- **What you have to do**:
Exact copy, no pictures: output all the records that follow.
───
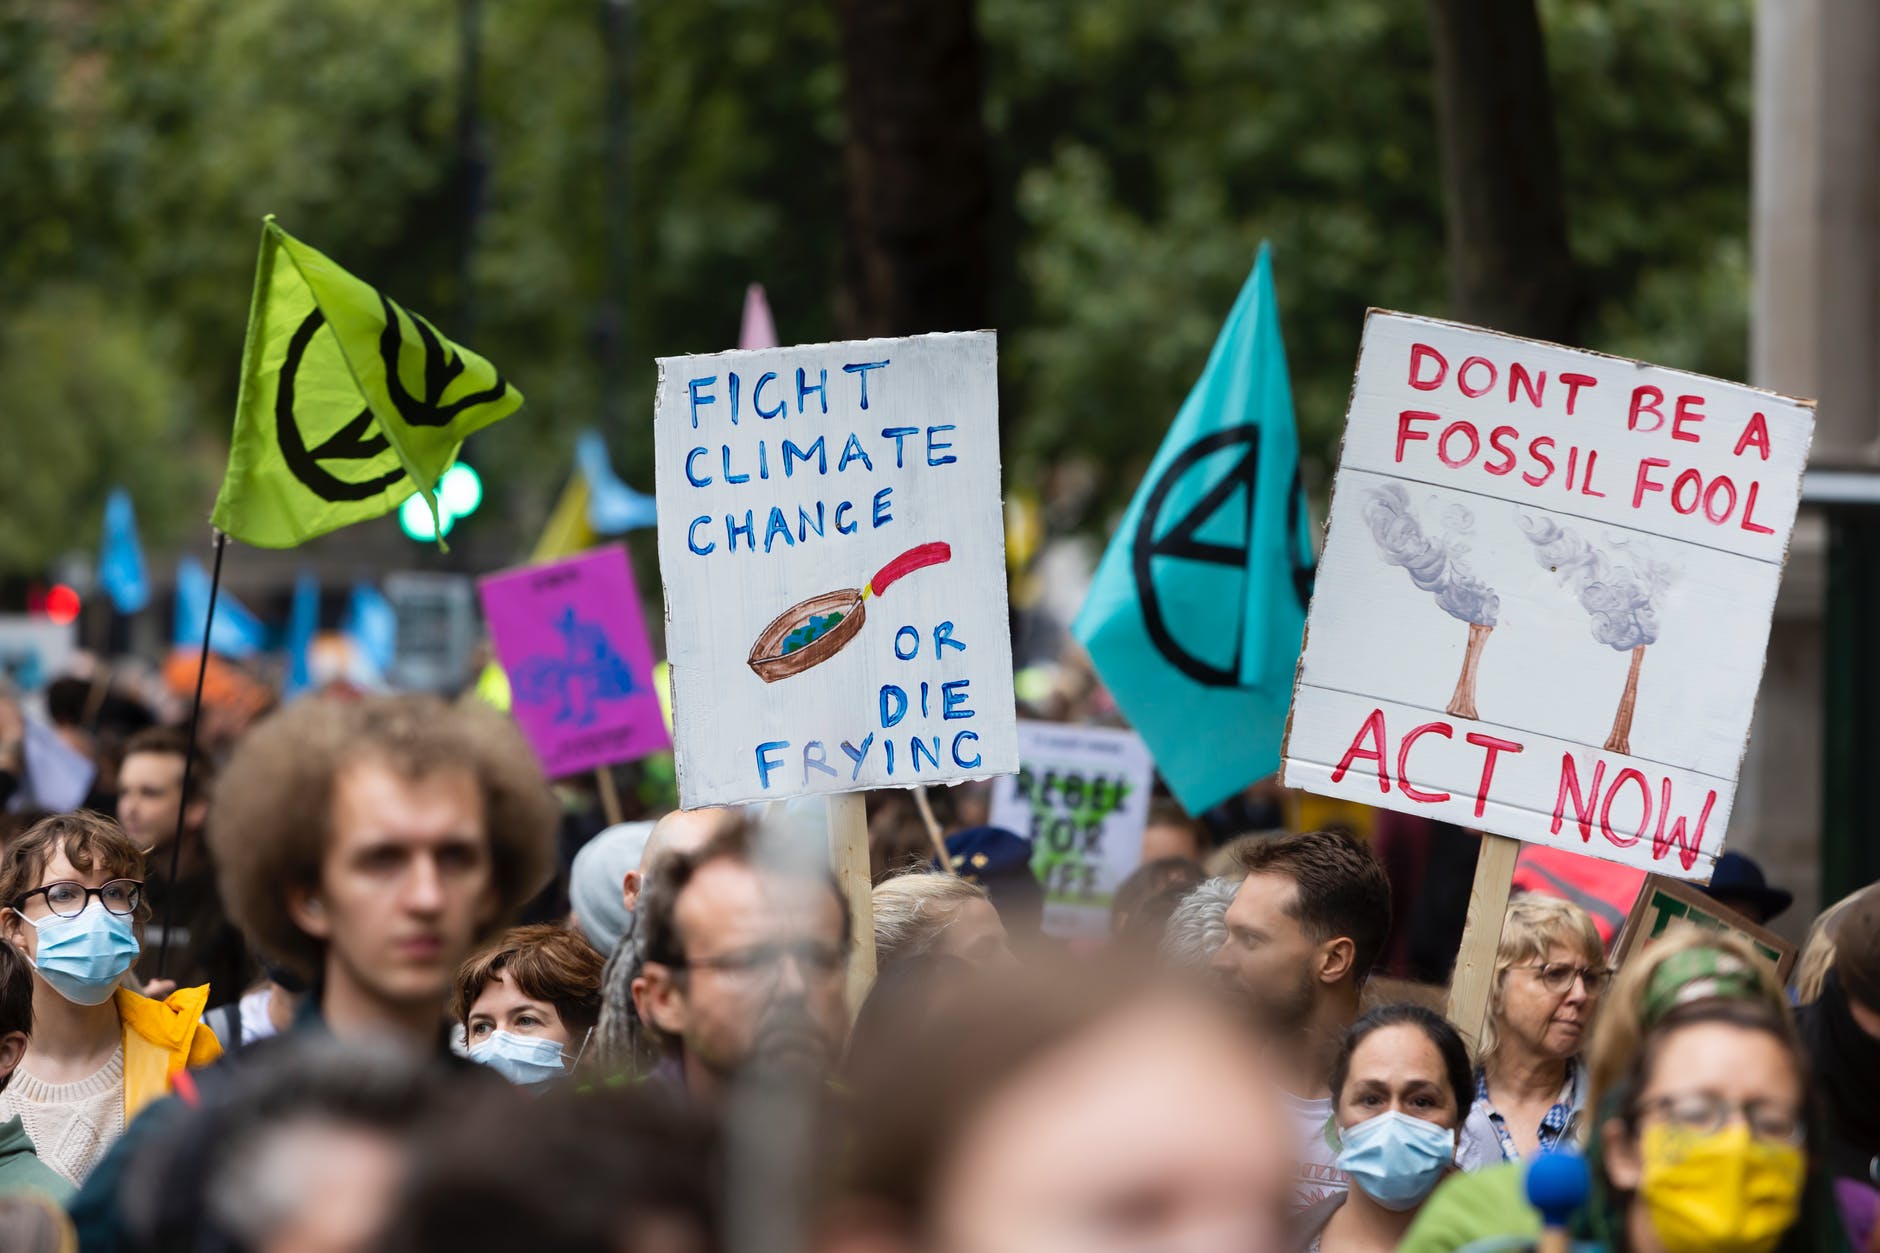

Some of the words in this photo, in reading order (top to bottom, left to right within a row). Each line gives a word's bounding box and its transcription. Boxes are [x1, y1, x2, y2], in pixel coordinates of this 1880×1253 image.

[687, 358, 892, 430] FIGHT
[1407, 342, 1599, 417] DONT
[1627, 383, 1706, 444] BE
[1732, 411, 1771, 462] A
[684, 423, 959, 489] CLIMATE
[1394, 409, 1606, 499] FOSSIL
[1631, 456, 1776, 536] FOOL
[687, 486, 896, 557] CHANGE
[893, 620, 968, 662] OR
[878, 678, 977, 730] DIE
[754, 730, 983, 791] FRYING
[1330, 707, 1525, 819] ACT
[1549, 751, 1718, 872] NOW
───
- **Exercise output**:
Some of the words in this photo, in reading order (top to bottom, left to right within a row). Each line gives a word's bounding box and its transcription. Boxes are [x1, y1, x2, y2], in pixel coordinates of this 1880×1253 image.

[687, 358, 892, 430] FIGHT
[1407, 342, 1599, 417] DONT
[1627, 383, 1706, 444] BE
[1732, 411, 1771, 462] A
[684, 423, 959, 489] CLIMATE
[1394, 409, 1606, 499] FOSSIL
[1631, 456, 1776, 536] FOOL
[687, 486, 896, 557] CHANGE
[893, 620, 968, 662] OR
[878, 678, 977, 730] DIE
[754, 730, 983, 791] FRYING
[1330, 707, 1525, 819] ACT
[1549, 751, 1718, 872] NOW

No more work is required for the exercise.